Saturday, May 1, 2021

CHAPTER 114: IMPRESSIONS OF MY LIFE: AUTOBIOGRAPHY OF A RECHERCHE GRUNGY DAYS AND HIPPIE NIGHTS 1967-1968


CHAPTER 114        PROTESTS AND MADNESS.  1967-1968



 


I’ve heard claims that if you remember the ’60, you weren’t there. Balderdash, I was there and I remember the so-called “Decade of Peace and Love”. I remember that the reality is there was very little peace and love existing during the period. The other myth is this calling it the ‘sixties in the first place. I guess you can’t call it a half-something.
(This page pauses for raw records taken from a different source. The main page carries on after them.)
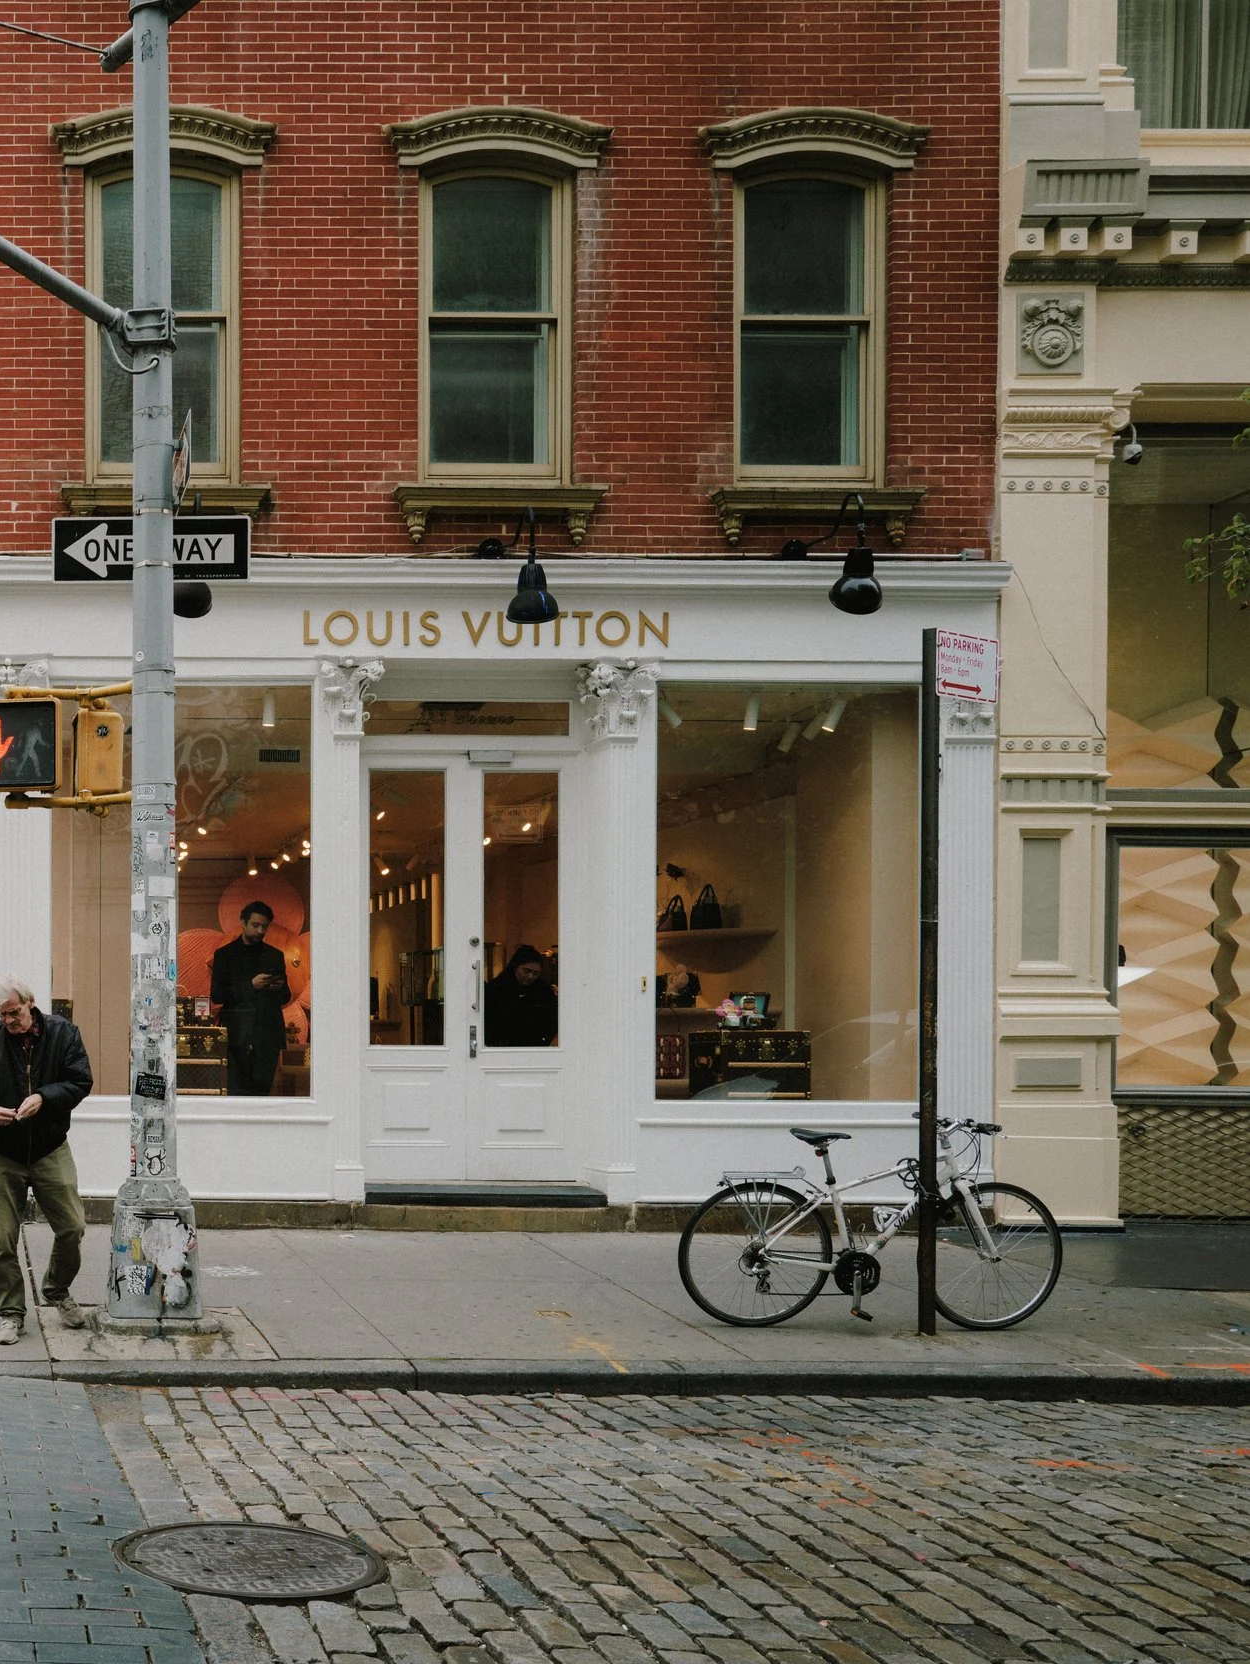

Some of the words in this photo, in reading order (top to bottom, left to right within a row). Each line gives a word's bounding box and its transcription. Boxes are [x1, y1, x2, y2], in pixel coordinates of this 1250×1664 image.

[84, 538, 133, 562] ONE
[303, 610, 441, 646] LOUIS
[462, 610, 669, 648] VUITTON
[941, 636, 951, 649] NO
[953, 638, 984, 655] PARKING
[941, 652, 962, 665] Monday
[966, 656, 983, 670] Friday
[894, 1201, 920, 1229] SPECIA
What is usually represented as the Love Decade began somewhere around 1964 and ran pretty much until 1974. It basically corresponded to the Vietnam War and there was no peace there and no peace here as the chants of the protesters grew ever louder.  (I guess it could have been called, “Decade of the Beatles”)


 And yes, Lois and I took part in various protests and marches over the period, probably on everything except Trident and I still can’t figure out if that fuss was about nuclear submarines or chewing gum? I do know Lois and I appeared on the TV during a protest of at Philadelphia City Hall, but am not certain what that protest was about. It was certainly in the “Long, Hot summer of 1967”, but there were many protests that summer. There were anti-Vietnam marches and civil rights gatherings, but maybe it was the Philadelphia School Walkout. 


Yes, I do remember the Love Decade. The problem I have is remembering exactly when what took place. I have done my best to pinpoint the moments of action, but it is possible that the following narrative will not always be in the proper sequence. Sorry about that, but you probably won’t notice or won’t care or both.


 Someone around he mid-60s credited the poet Allen Ginsberg


(right) for creating the term “Flower Power” on January 14, 1967. I would bet the term had been floating about before he uttered it. Some strung-out Hippie on the street probably blurted in out one day while watching his girl prance around the posies in her birthday  suit. But You can say some dude in the crowd said it, unless you’re

writing Forrest Gump, so you got to credit somebody well known. You throw some imaginative gobbledygook around your creative story, like it means no war and no violence, man, it means we aren’t out here protesting; we’re just engaged in peaceful affirmations. It may have been a four-year old trying out sounds. We’re lucky it didn’t end up as Fun Gun or something obscene.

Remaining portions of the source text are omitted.